Comparison of Acid-Fast staining, PCR, LCR, PCR=Hybridization for dection of mycobacterum tuberculosis in clinical specimens.
10.4046/trd.2000.49.3.281
- Author:
Jong Rak CHOI
;
Jong Baeck LIM
;
Hyung Jung KIM
- Publication Type:Original Article
- Keywords:
Mycobacterium tuberculosis;
Culture;
PCR;
Ligase chain reaction(LCR);
PCR-Hybridization
- MeSH:
Mycobacterium tuberculosis;
Polymerase Chain Reaction*;
Tuberculosis*
- From:Tuberculosis and Respiratory Diseases
2000;49(3):281-289
- CountryRepublic of Korea
- Language:Korean
-
Abstract:
BACKGROUND: Mycobacterial culture is a confirmatory test to detect M.tuberculosis, but it takes at least 6 weeks to diagnose. PCR is a rapid and sensitive method, but it is known that PCR has a high false positive rate due to contamination, and a high false negative rate due to inhibitors. It is also known that LCR and PCR-Hybridization, recently developed methods, are more specific methods than PCR in terms of detection M.tuberculosis. In this study, we estimated the clinical utility of in house PCR, LCR and PCR-Hybridization for the detection of M.tuberculosis. METHODS: We evaluated 75 specimens, upon which M.tuberculosis culture based testing was requested, by PCR LCR, and PCR-Hybridization and compared results.
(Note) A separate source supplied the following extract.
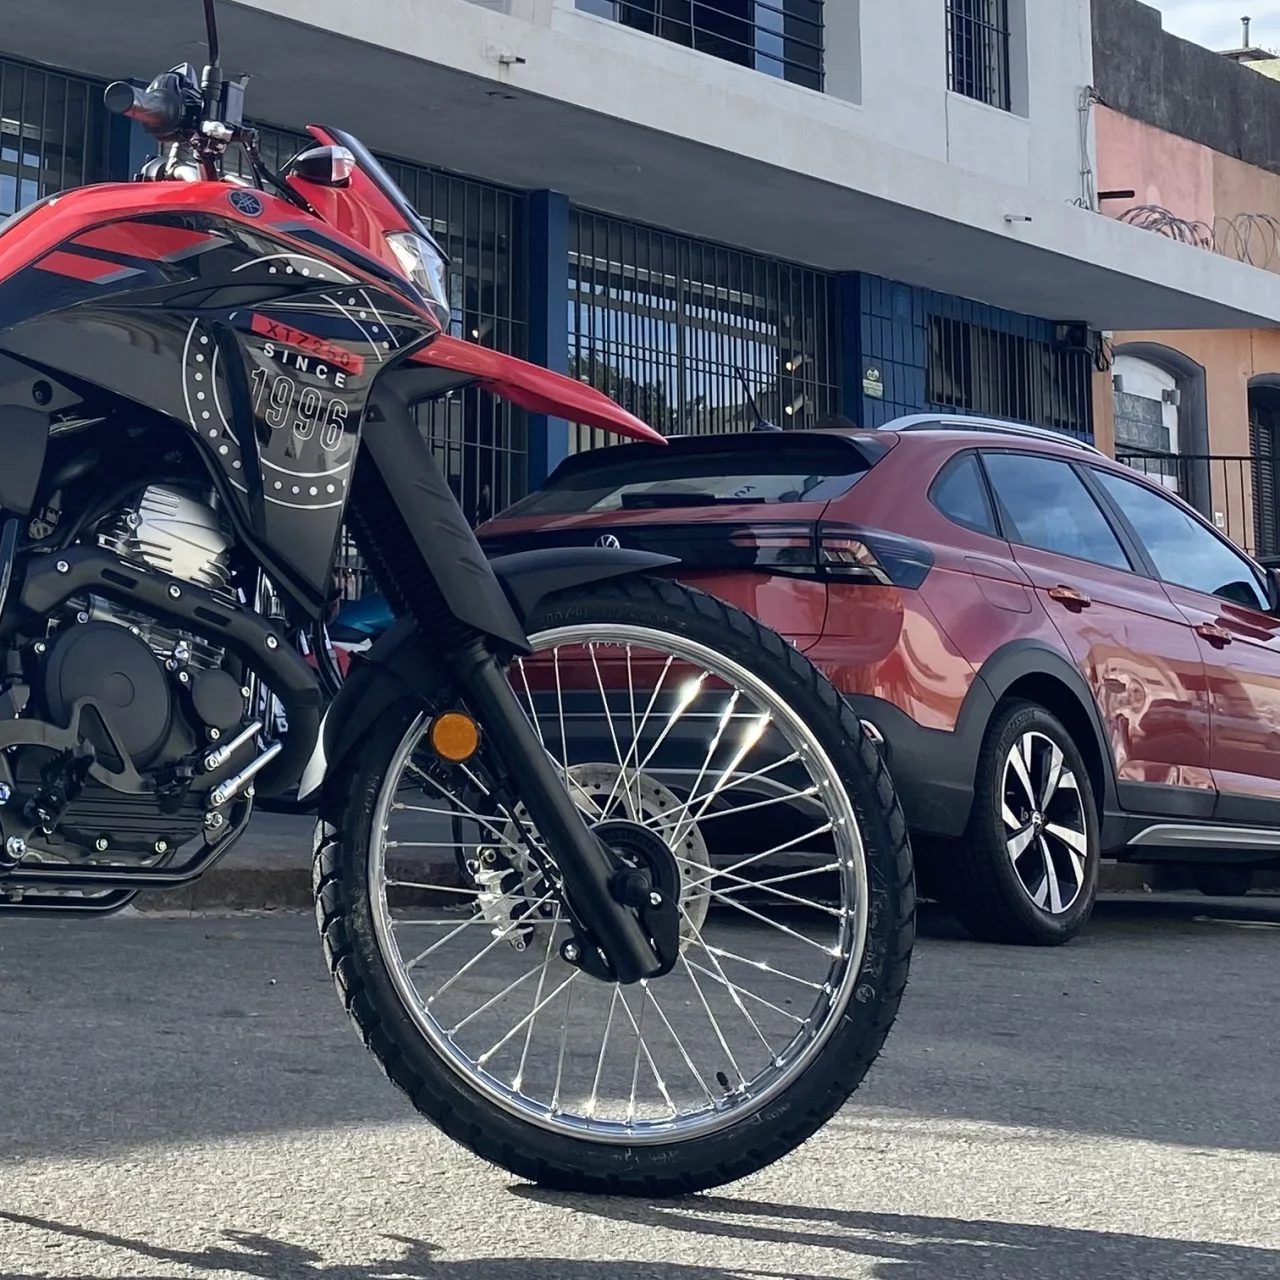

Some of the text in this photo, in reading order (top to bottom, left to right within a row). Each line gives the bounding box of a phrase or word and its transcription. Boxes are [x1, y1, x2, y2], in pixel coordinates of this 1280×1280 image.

[263, 342, 346, 389] SINCE
[266, 320, 351, 366] XTZ250
[251, 367, 348, 451] 1996
Mycobacterial culture was performed on 3% Ogawa media for 8 weeks, and an in house PCR, LCx Mycobacterium tuberculosis assay kit(Abbott Laboratories, North Chicago, III) and the AMPLICOR M.tuberculosis test kit(Roche Molecular Systems, Inc. Branchburg, NJ, USA). RESULTS: In the view of the culture results, the sensitivities of the three tests were 40%, 80%, and 100% and their specificities were 98.6%, 94.3%, and 94.3%. CONCLUSION: LCR and PCR-Hybridization and rapid and sensitive methods for detecting M.tuberculosis in clinical laboratories.